Enhanced SPIHT Algorithm with Pipelined Datapath Architecture Design

Serap Çekli, Ali Akman
Department of Computer Engineering, Maltepe University, Istanbul, Turkey


ABSTRACT

Set partitioning in hierarchical trees (SPIHT) is an efficient algorithm which is used for the image compression widely. SPIHT operates sequentially so, its parallel implementation is difficult. In this study, the SPIHT algorithm is improved for providing that it is suitable for the parallel processing applications, and the corresponding pipelined datapath is designed for the proposed enhanced SPIHT algorithm. The datapath is designed to have three stages as preprocessing, list generation and output stream. In the preprocessing stage, the flags which are supports the list generation stage are constituted. List of insignificant sets (LIS), list of insignificant pixels (LIP) and list of significant pixels (LSP) are formed in list generation stage. These lists contain the bit values which generate the output bit stream. The performance of the improved datapath design has been tested by compressing different images, and the obtained results are given.

Keywords: SPIHT, enhanced SPIHT, image compression, pipelined datapath

Introduction

The images require large storage capacity and high transmission bandwidth resulting from including considerable information. The compression operation which provides to eliminate the redundant information is advantageous for many aspects such as storage capacity, transmission speed.

Therefore, several studies have been fulfilled for the image compression, and still much efforts continue to improve the compression performance from some different aspects. Some of these studies have been focused on wavelet transform which provides the multi resolution analysis, based compression algorithms such as embedded zero tree wavelet (EZW), set partitioning in hierarchical trees (SPIHT), optimal truncated embedded block coding (EBCOT) used in JPEG2000 standard [1-3].

Set partitioning in hierarchical trees is a discrete wavelet transform (DWT) based, efficient, adaptive and computationally fast compression algorithm [2]. This algorithm is known as an enhanced implementation of the EZW algorithm which has improved performance, which provides embedded coding output. The algorithm provides satisfactory PSNR (peak signal to noise ratio) values, effective image quality and compression ratio, and fast processing time. It can be used for the lossy or lossless data compression according to the necessary application. By means of the mentioned advantages, SPIHT is a suitable option for image compression applications especially for small devices with limited power consumption and memory capacity [4, 5].

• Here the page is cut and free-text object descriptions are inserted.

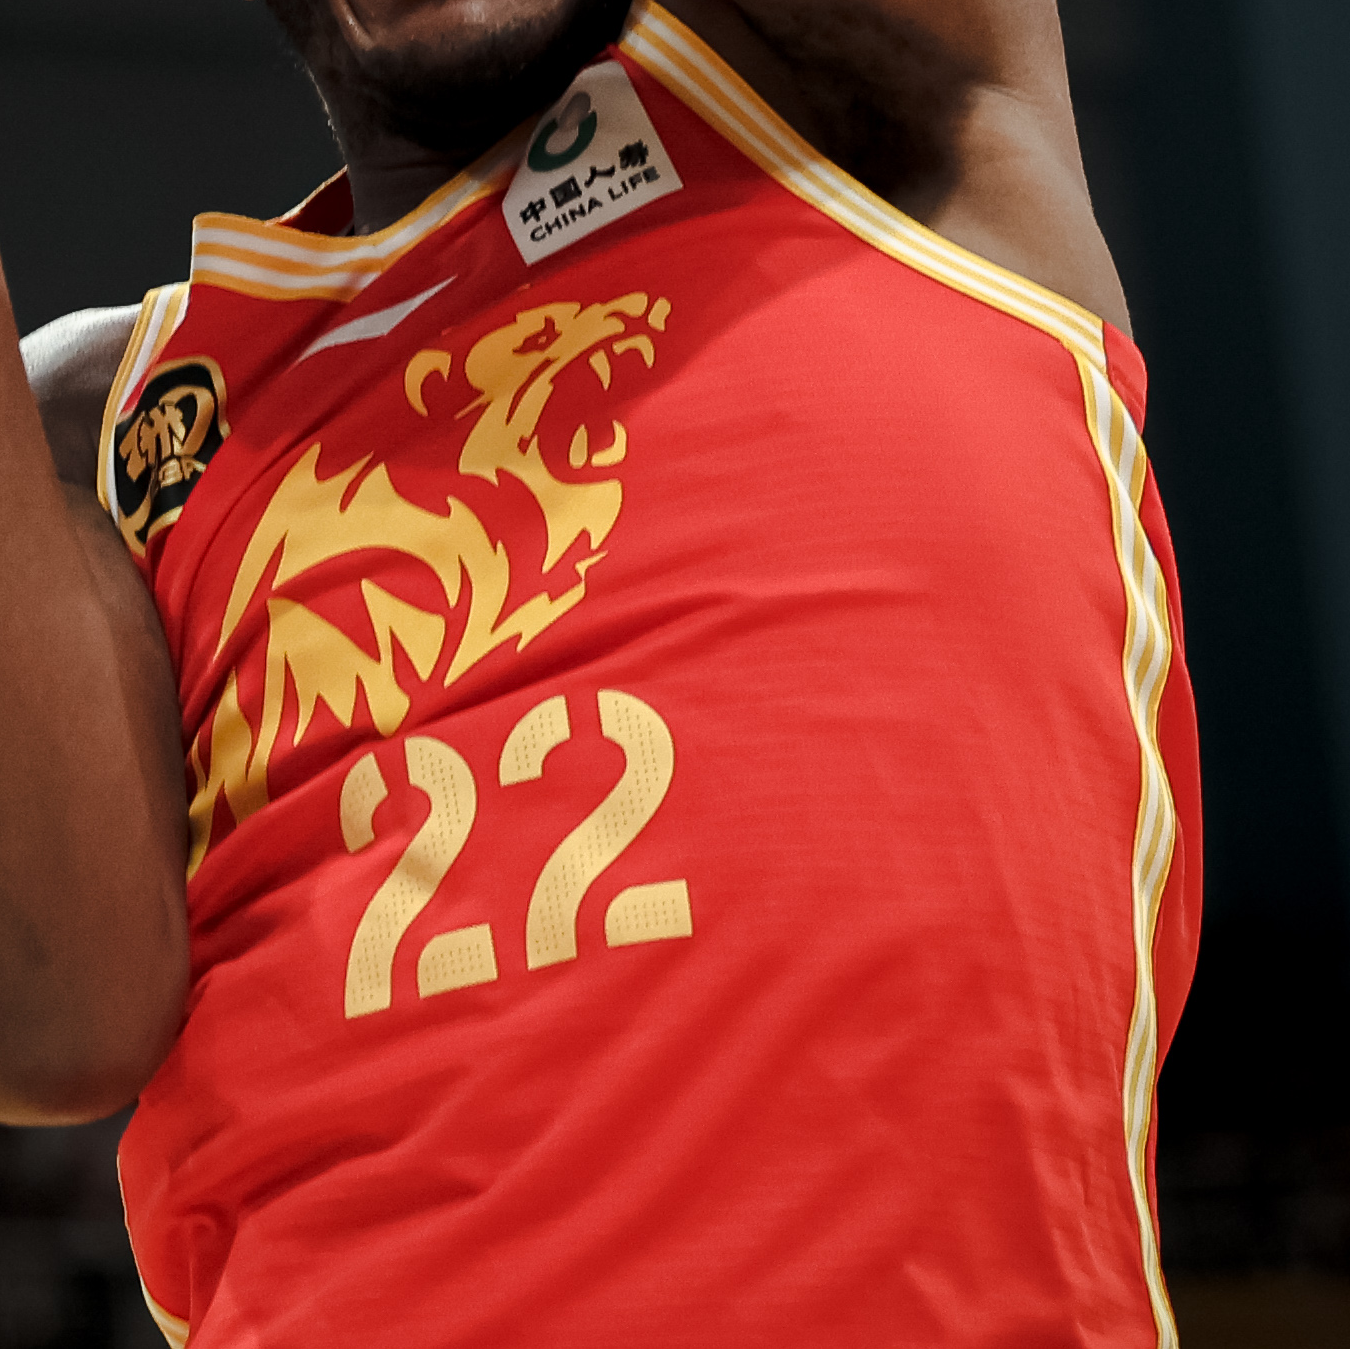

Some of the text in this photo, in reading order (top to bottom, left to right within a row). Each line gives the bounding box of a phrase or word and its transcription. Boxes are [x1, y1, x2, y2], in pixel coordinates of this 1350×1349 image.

[519, 139, 649, 226] 中国人寿
[529, 165, 661, 243] CHINA LIFE
[339, 688, 693, 1020] 22
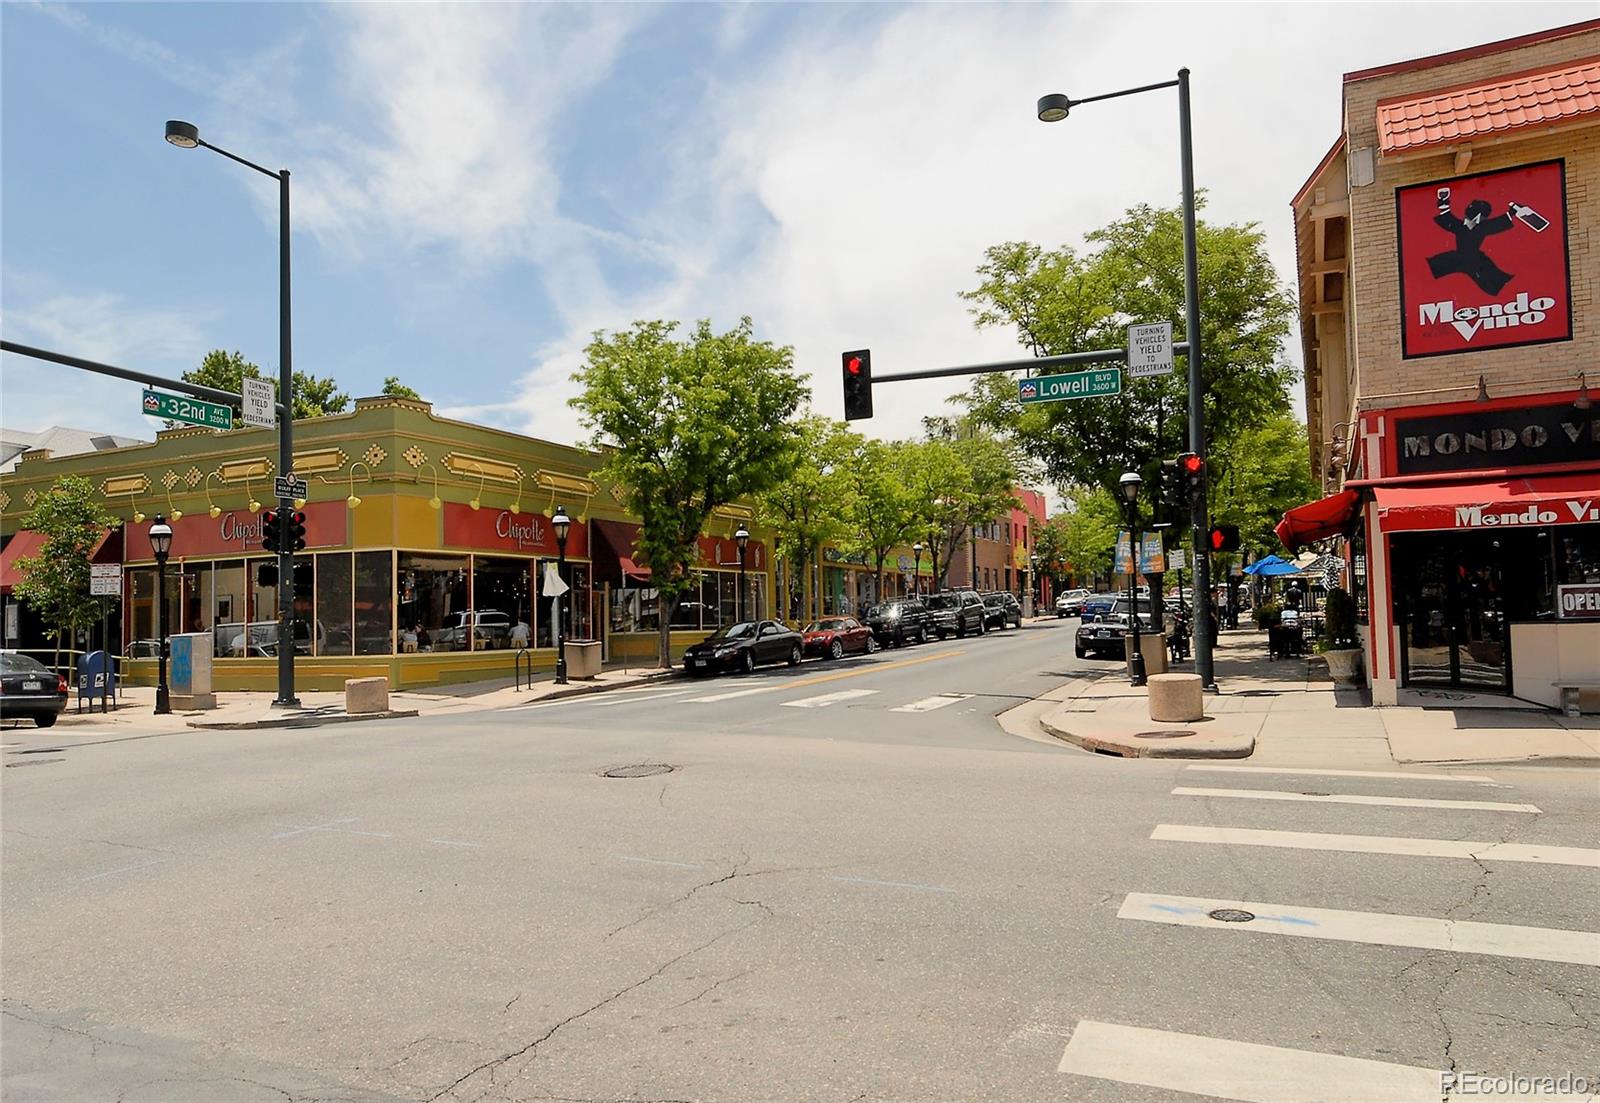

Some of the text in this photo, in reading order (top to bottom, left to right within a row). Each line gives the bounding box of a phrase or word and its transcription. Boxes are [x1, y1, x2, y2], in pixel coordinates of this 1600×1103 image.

[1418, 292, 1557, 327] Mondo
[1137, 326, 1165, 336] TURNING
[1135, 334, 1167, 345] VEHICLES
[1140, 344, 1163, 354] YIELD
[1131, 362, 1172, 374] PEDESTRIANS
[1095, 373, 1112, 382] BLVD
[248, 381, 270, 393] TURNING
[1040, 376, 1090, 397] Lowell
[1092, 382, 1109, 391] 3600
[247, 389, 271, 401] VEHICLES
[250, 398, 269, 409] YIELD
[167, 399, 206, 421] 32nd
[213, 407, 224, 417] AVE
[243, 413, 275, 426] PEDESTRIANS
[1404, 425, 1548, 458] MONDO
[1455, 504, 1559, 527] Mondo
[496, 511, 545, 550] Chipotle

Until today, some studies have been performed to increase the performance of the SPIHIT coders, and many researches are carried on in this field yet. Several studies which have been fulfilled have aimed at providing improvement of the compression performance [6], reduction of the memory requirement [4, 5, 7, 8], decrease of the output coding time [9-12], to provide efficient hardware resource usage [13, 14], security of the SPIHT algorithm [15, 16] or biomedical applications [17].
The use of breadth first search (BFS) procedure is a suitable option while implementing the architectural design of SPIHT algorithm to examine the SOTs. At first, BFS deals with the examination of neighboring pixels in the same level. By this means, extra register necessity is eliminated when the inspection is carried out for the decision process on a tree, and also parallel processing architecture could be designed.

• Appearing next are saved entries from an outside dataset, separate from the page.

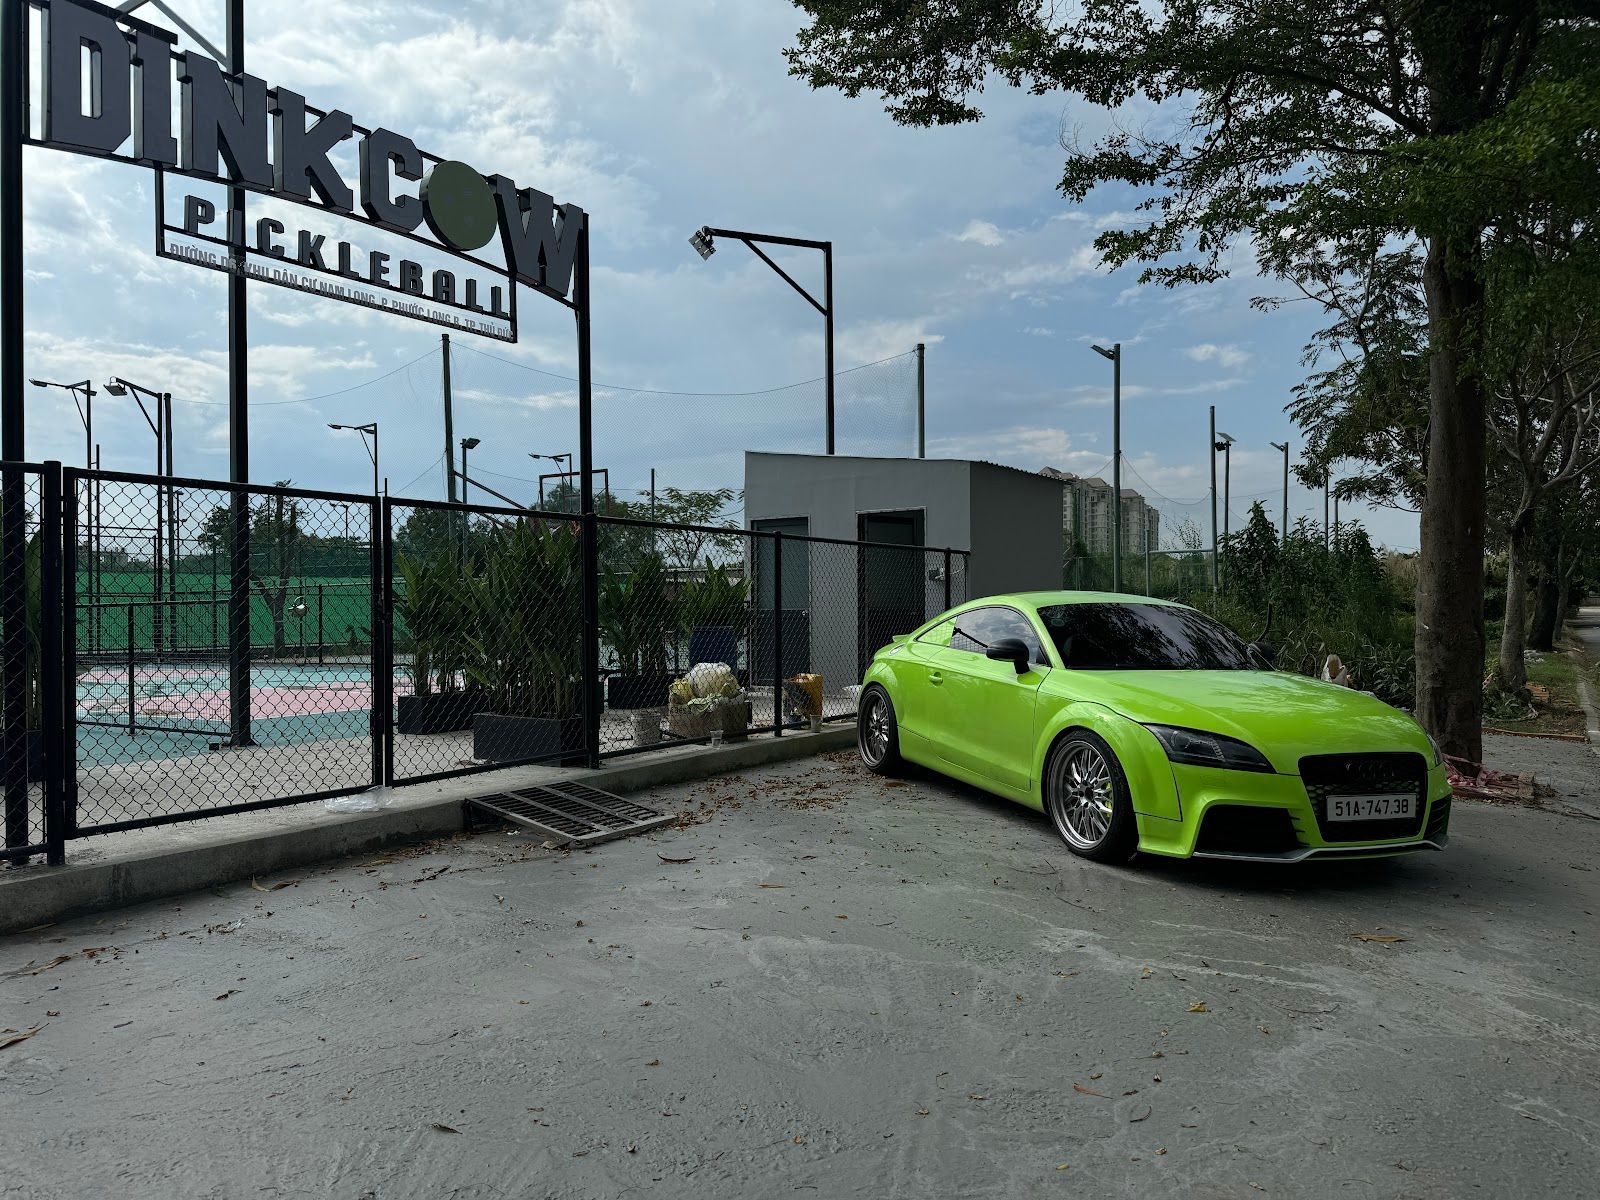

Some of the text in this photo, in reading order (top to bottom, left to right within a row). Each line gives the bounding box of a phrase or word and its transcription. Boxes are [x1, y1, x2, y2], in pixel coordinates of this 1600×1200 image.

[170, 243, 217, 267] ĐƯỜNG
[243, 261, 269, 282] KHU
[273, 268, 298, 289] DÂN
[301, 276, 318, 293] CƯ
[320, 281, 345, 299] NAM
[392, 300, 424, 319] PHƯỚC
[427, 309, 451, 326] LONG
[184, 194, 509, 317] PICKLEBALL
[1335, 798, 1409, 817] 51A-747.38

The rest of the study can be summarized as follows; The SPIHT algorithm and the system architecture are described after the underlying concepts of the SPIHT algorithm are given. Then, the obtained results have been presented and discussed. As the last, the conclusion section is given.

**SPIHT algorithm**

In the SPIHT algorithm, the image is divided into quadtree structure repeatedly by calculating the DWT coefficients. In the algorithm, the values or positions of the pixels in the subbands are not transmitted. Instead, the decision points that define the structural properties of the image in the tree structure and the results of the decisions at these points are coded as output. Since the positions of the decision points in the tree structure and the output values are known, the image can be recovered in the decoder.

The SPIHT algorithm consists of three steps which are initialization, sorting pass, and refinement pass. The algorithm uses three types of list structures for memory operations: LIS; list of insignificant pixels, and LSP; list of significant pixels. A threshold value is determined considering insignificant sets, LIP; list of insignificant pixels, and LSP; list of significant pixels. The significance test applied to a given set of is defined in the following equation;

\[
S_n(T) = \begin{cases} 
1, & \max_{(i,j) \in T} |c_{i,j}| \geq 2^n \\
0, & \text{otherwise}
\end{cases}
\]

(1)

**Enhanced SPIHT algorithm**

One of the main obstacles to design of the high performance digital system of the SPIHT compression algorithm is difficulty of the parallel implementation resulting from use of lists obtained in one step of algorithm in the next step. In this study, a novel algorithm which reconfigures the constitution of LIP and LIS is proposed to eliminate this drawback, and the outline of the proposed algorithm is given in the Figure 2. The algorithm performs list constitution based on BFS in quadtree structure.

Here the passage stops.